Materials provided:

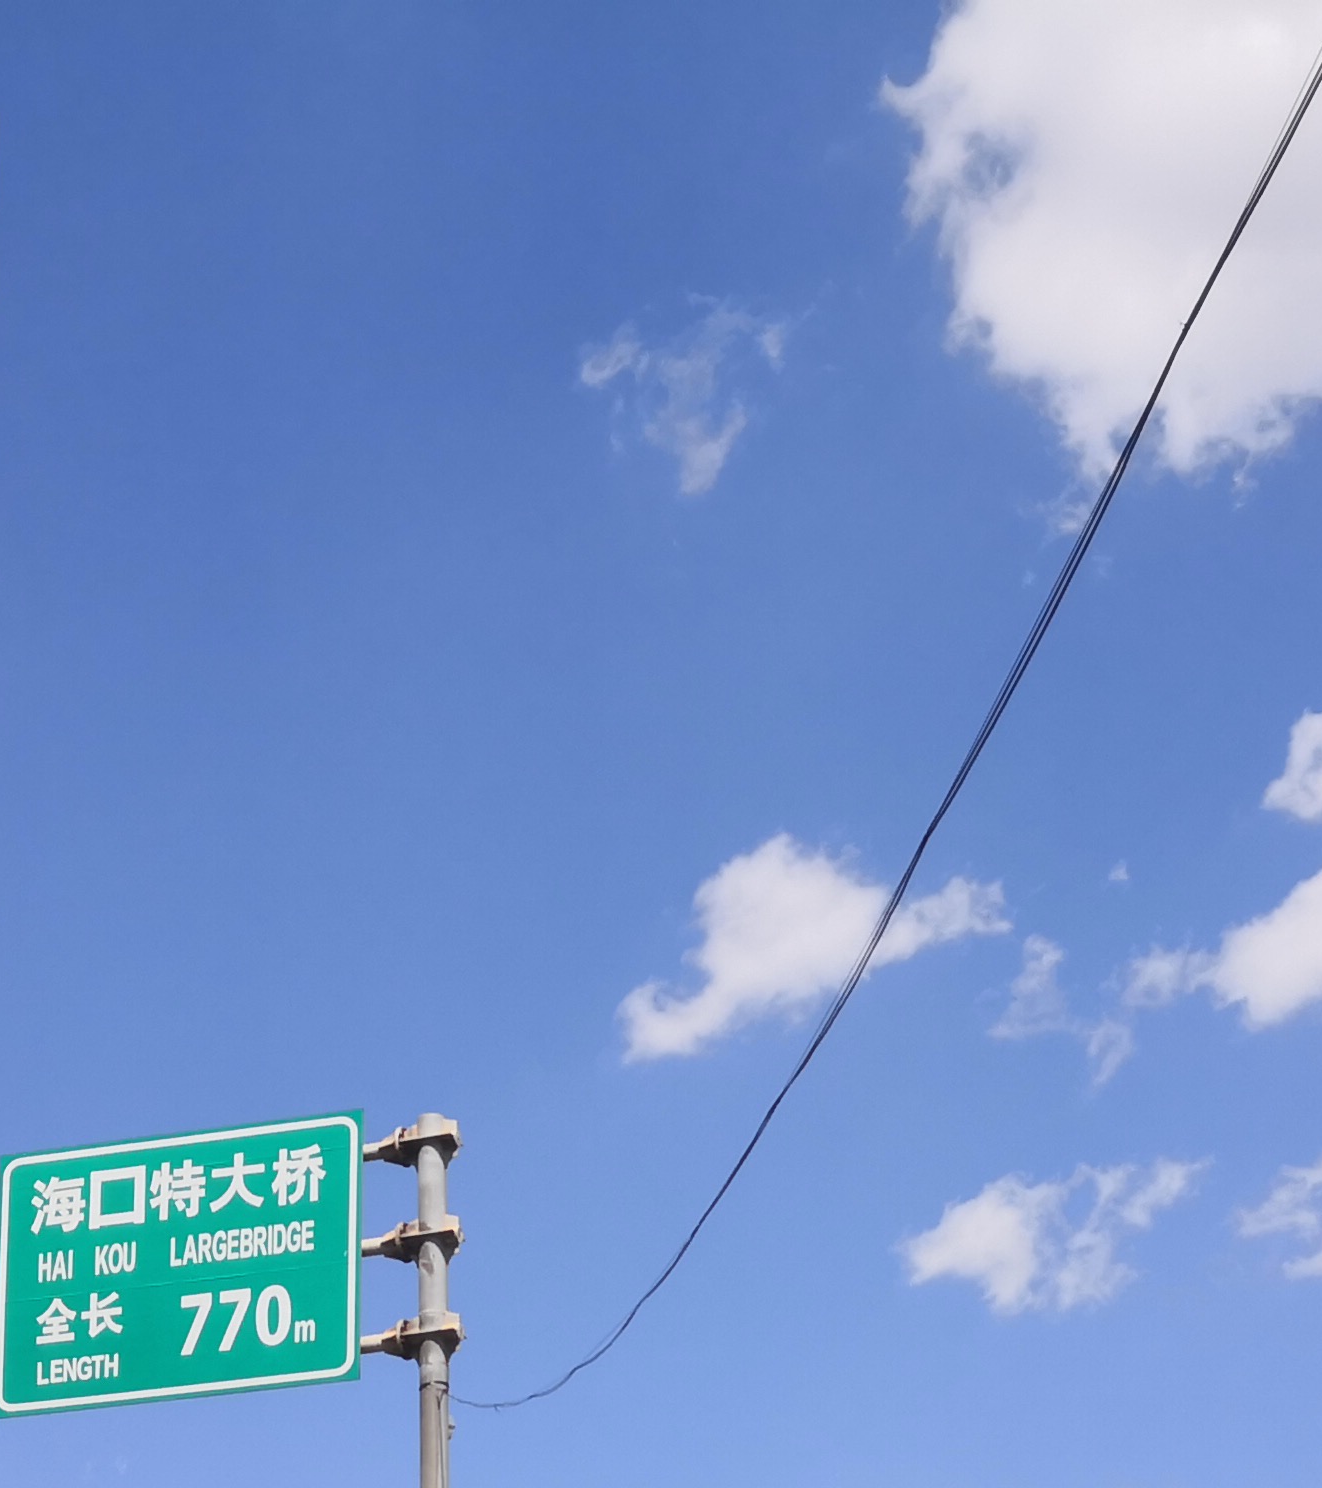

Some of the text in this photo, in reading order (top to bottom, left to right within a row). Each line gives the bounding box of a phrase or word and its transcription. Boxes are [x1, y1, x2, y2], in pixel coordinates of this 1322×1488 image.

[30, 1143, 327, 1235] 海口特大桥
[37, 1220, 316, 1283] HAI KOU LARGEBRIDGE
[36, 1284, 316, 1357] 全长 770m
[36, 1353, 120, 1386] LENGTH

What this task involves: Please repeat the records above word for word, and do not include the pictures.

Answer area:
Some of the text in this photo, in reading order (top to bottom, left to right within a row). Each line gives the bounding box of a phrase or word and its transcription. Boxes are [x1, y1, x2, y2], in pixel coordinates of this 1322×1488 image.

[30, 1143, 327, 1235] 海口特大桥
[37, 1220, 316, 1283] HAI KOU LARGEBRIDGE
[36, 1284, 316, 1357] 全长 770m
[36, 1353, 120, 1386] LENGTH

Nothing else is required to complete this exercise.